_WHAT NEEDS TO BE DONE_
Using the entries below, transcribe exactly the line containing "Some of the words" and each line that follows it to the end.

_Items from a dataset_
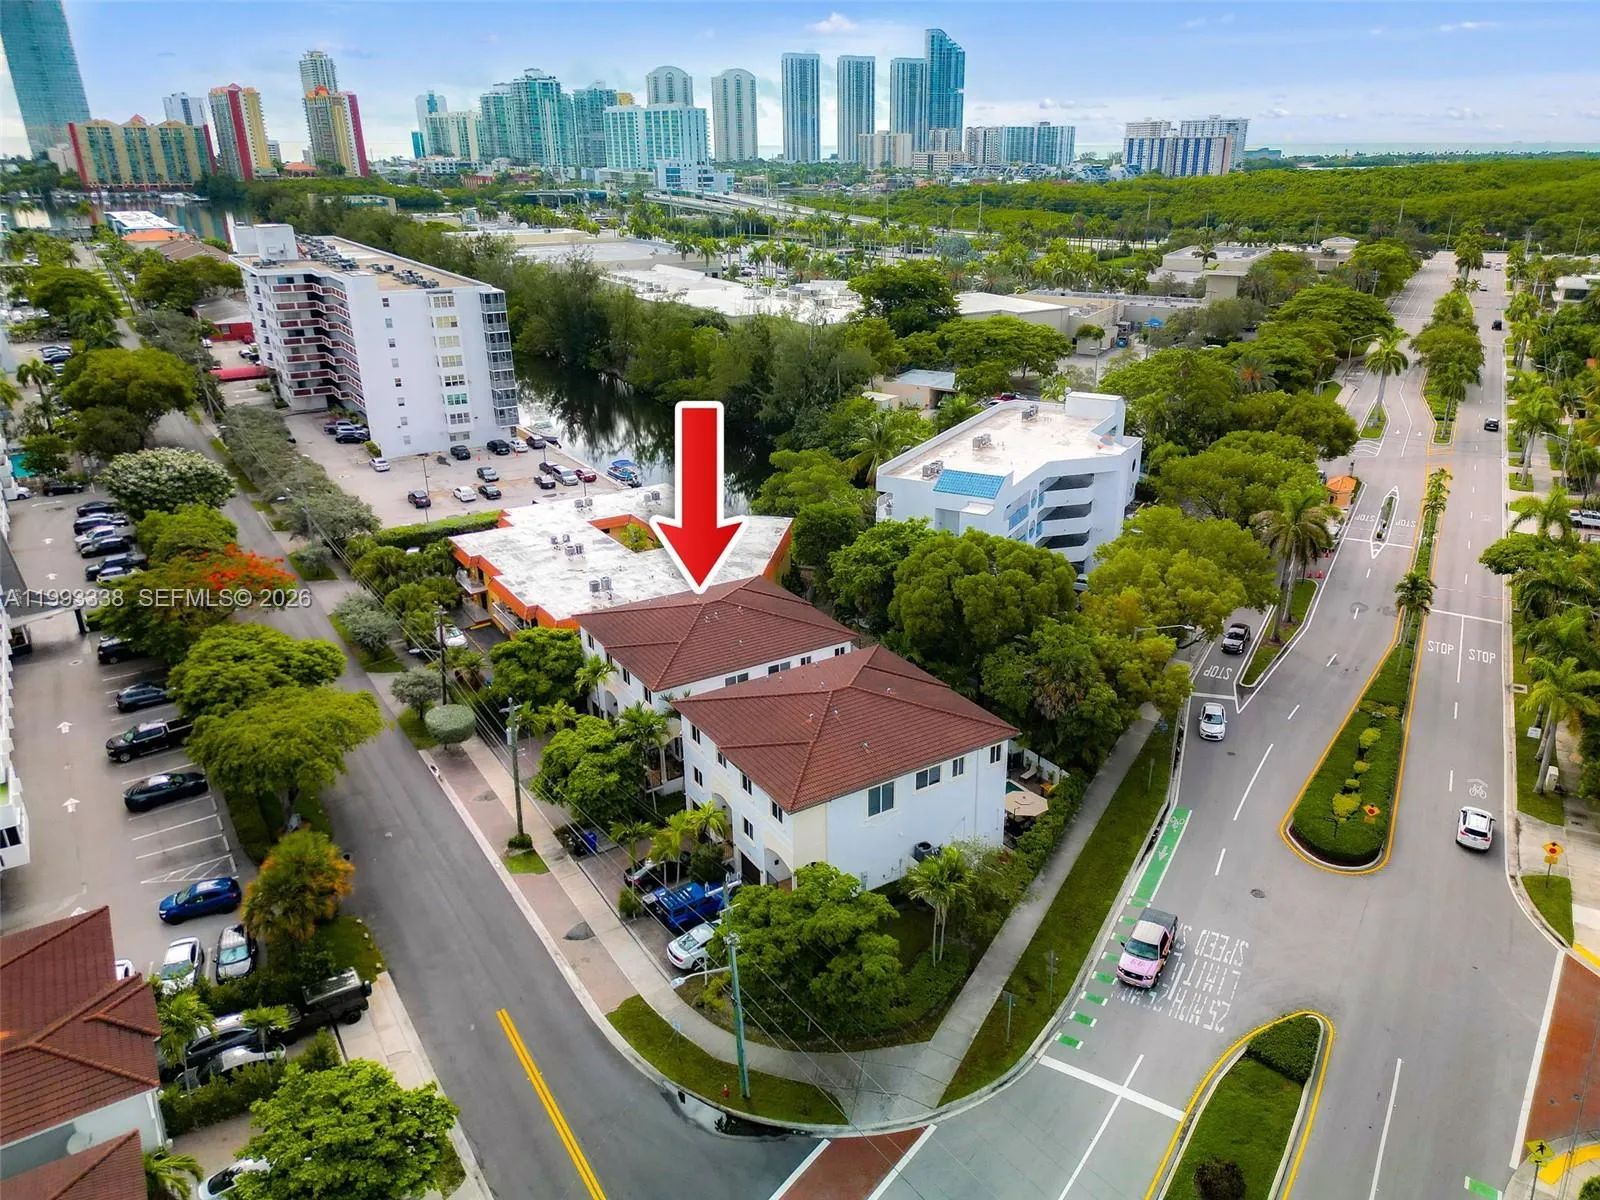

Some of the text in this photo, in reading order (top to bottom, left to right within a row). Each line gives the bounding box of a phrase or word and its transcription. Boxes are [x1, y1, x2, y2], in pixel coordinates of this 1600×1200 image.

[1395, 519, 1417, 528] STOP
[1427, 640, 1454, 655] STOP
[1468, 648, 1496, 664] STOP
[1203, 664, 1233, 680] STOP
[1194, 929, 1249, 967] SPEED
[1182, 958, 1241, 1001] LIMIT
[1168, 987, 1208, 1026] MPH
[1203, 1000, 1231, 1033] 25
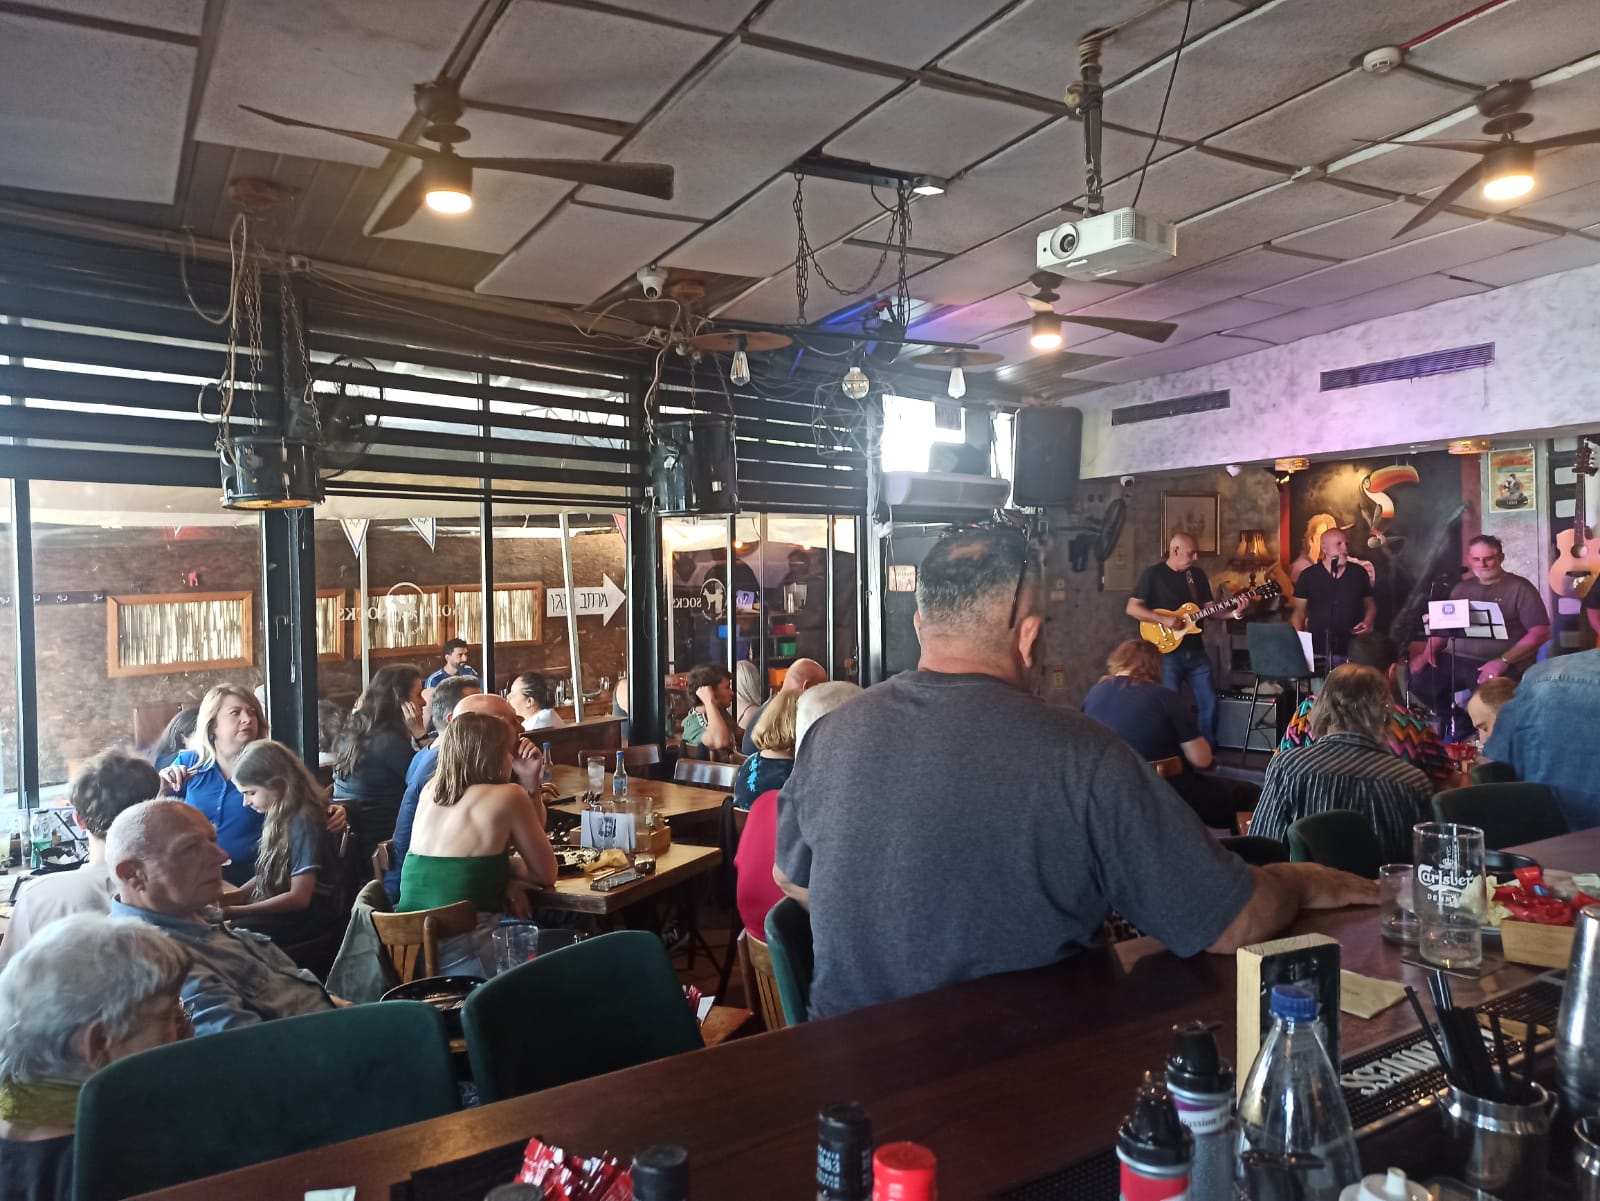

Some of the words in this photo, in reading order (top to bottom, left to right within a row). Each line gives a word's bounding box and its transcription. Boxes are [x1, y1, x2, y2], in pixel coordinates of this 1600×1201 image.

[550, 593, 568, 613] וגן
[579, 592, 609, 609] מרחב
[1417, 863, 1476, 887] Carlsber

_OUTPUT_
Some of the words in this photo, in reading order (top to bottom, left to right within a row). Each line gives a word's bounding box and its transcription. Boxes are [x1, y1, x2, y2], in pixel coordinates of this 1600×1201 image.

[550, 593, 568, 613] וגן
[579, 592, 609, 609] מרחב
[1417, 863, 1476, 887] Carlsber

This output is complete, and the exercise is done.